Work item: Would you print out all of the data exactly and keep the pictures out of it?

Spatial localization data
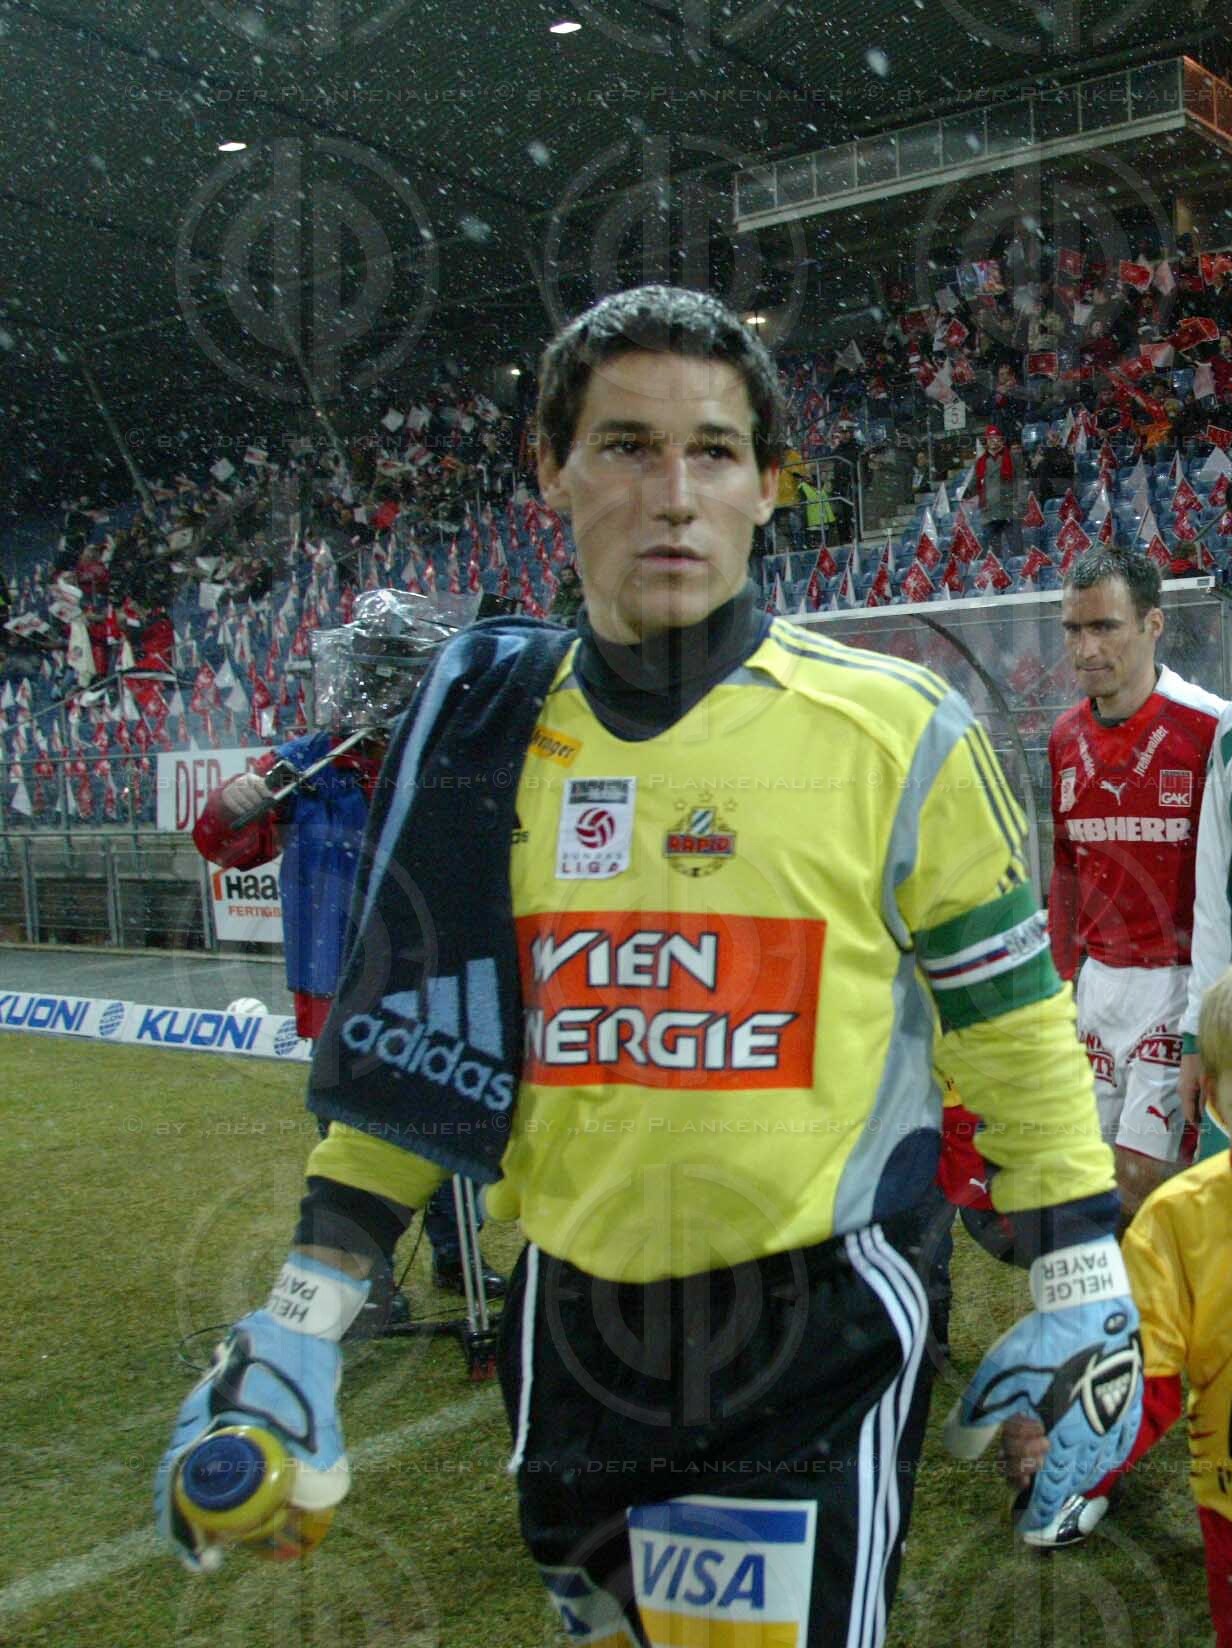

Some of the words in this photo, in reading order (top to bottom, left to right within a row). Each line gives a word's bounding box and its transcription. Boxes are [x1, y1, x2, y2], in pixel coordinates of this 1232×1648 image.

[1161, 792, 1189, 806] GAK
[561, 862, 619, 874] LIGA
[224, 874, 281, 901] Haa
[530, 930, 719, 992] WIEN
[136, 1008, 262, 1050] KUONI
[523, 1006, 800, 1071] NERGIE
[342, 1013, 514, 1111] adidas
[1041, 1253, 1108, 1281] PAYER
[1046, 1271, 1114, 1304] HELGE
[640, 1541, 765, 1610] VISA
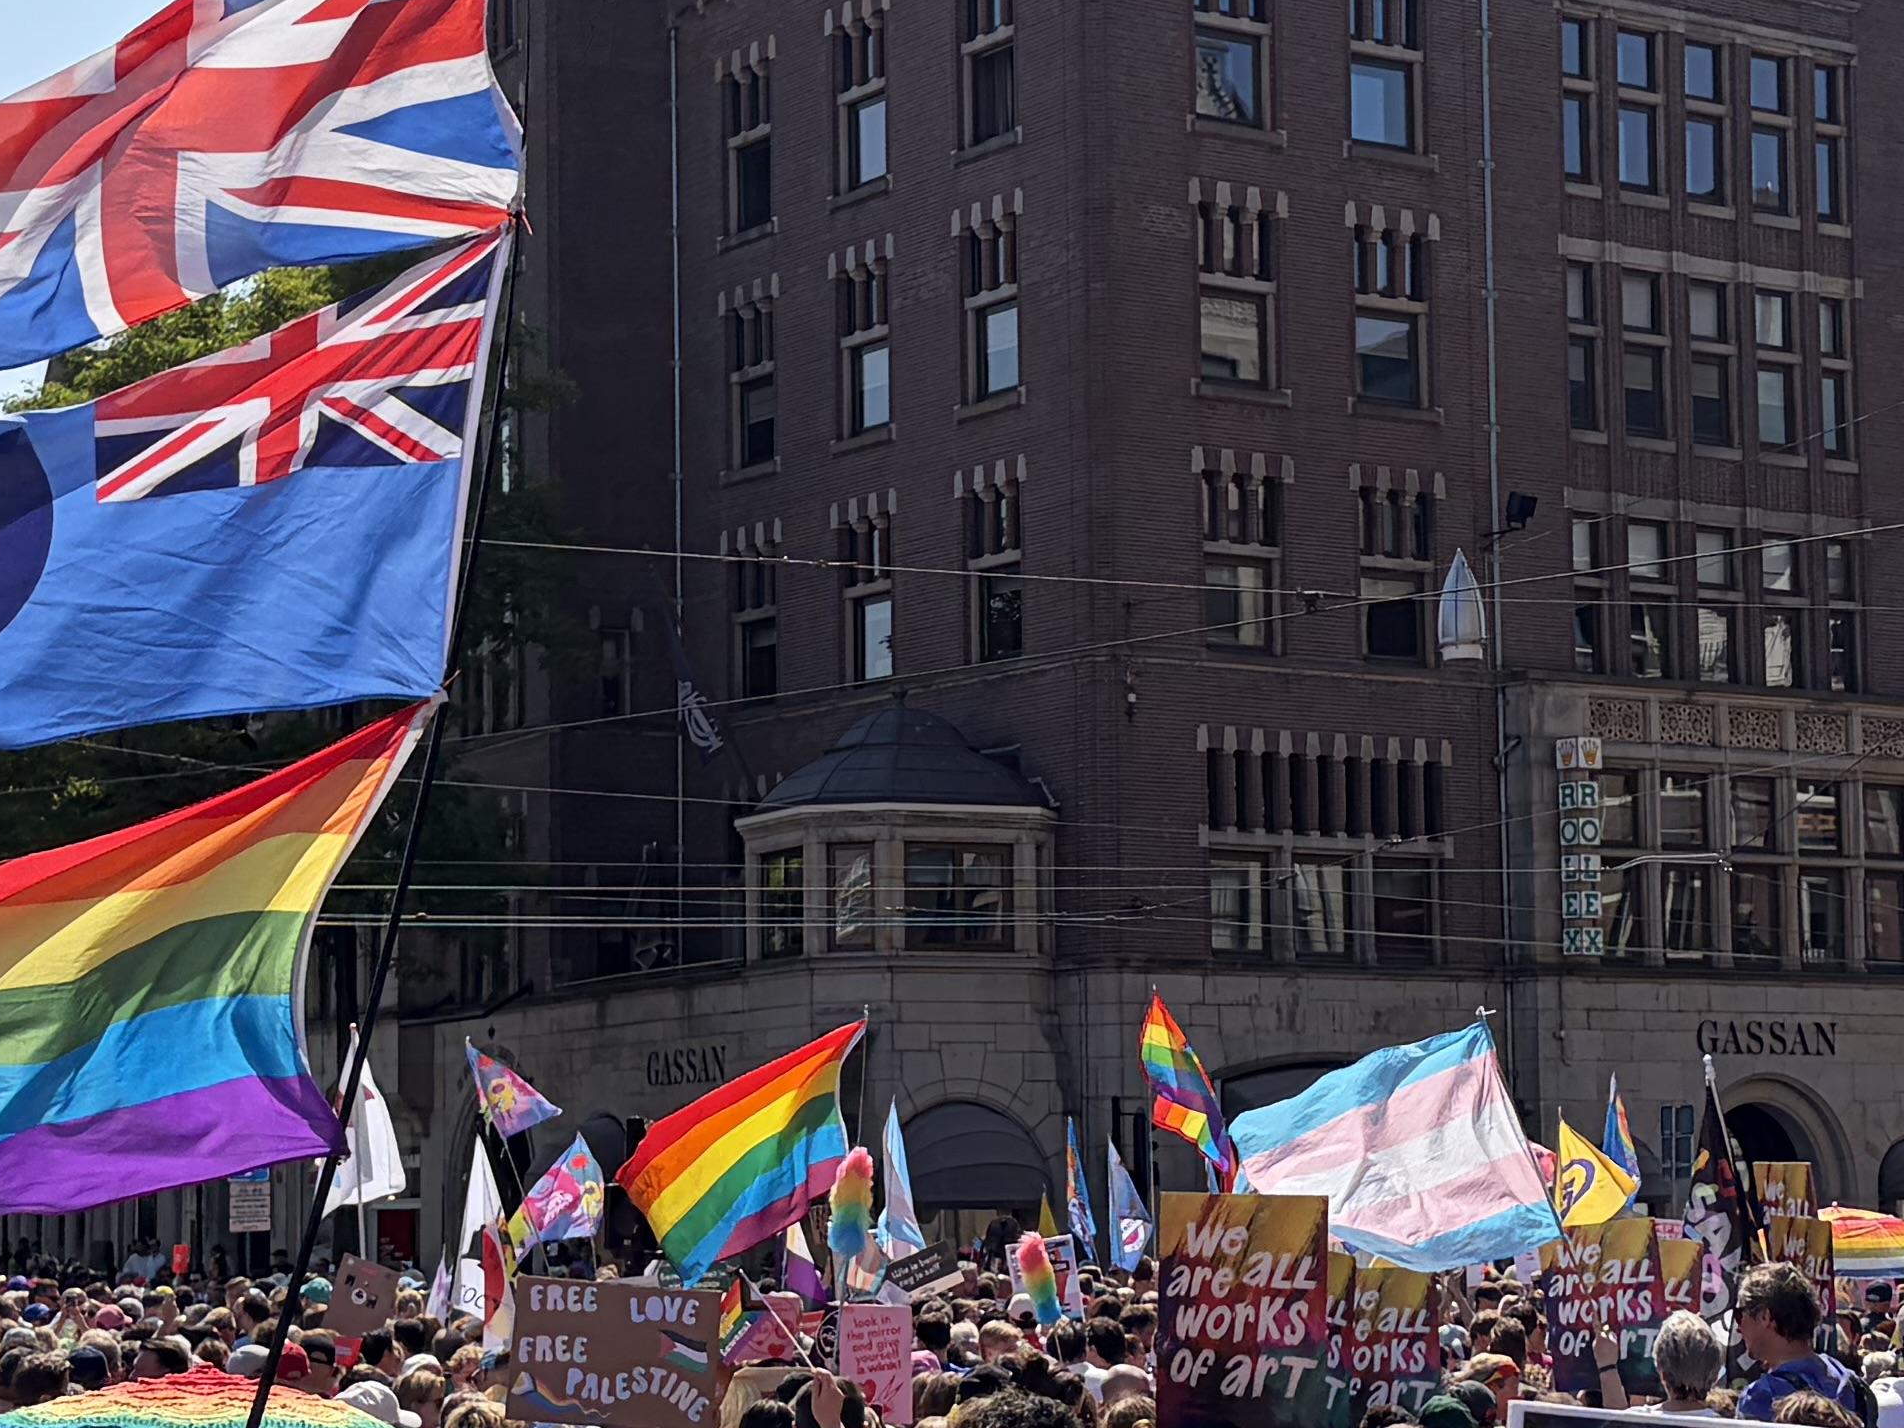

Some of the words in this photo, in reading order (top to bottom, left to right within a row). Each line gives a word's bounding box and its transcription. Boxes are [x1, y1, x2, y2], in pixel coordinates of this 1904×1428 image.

Solution to this task:
Some of the words in this photo, in reading order (top to bottom, left to right within a row). Each line gives a word's bounding box and its transcription. Boxes are [x1, y1, x2, y2], in pixel coordinates of this 1232×1648 image.

[1161, 792, 1189, 806] GAK
[561, 862, 619, 874] LIGA
[224, 874, 281, 901] Haa
[530, 930, 719, 992] WIEN
[136, 1008, 262, 1050] KUONI
[523, 1006, 800, 1071] NERGIE
[342, 1013, 514, 1111] adidas
[1041, 1253, 1108, 1281] PAYER
[1046, 1271, 1114, 1304] HELGE
[640, 1541, 765, 1610] VISA

Some of the words in this photo, in reading order (top to bottom, left to right within a row). Each line gives a word's bounding box and its transcription. Boxes are [x1, y1, x2, y2], in pixel coordinates of this 1904×1428 image.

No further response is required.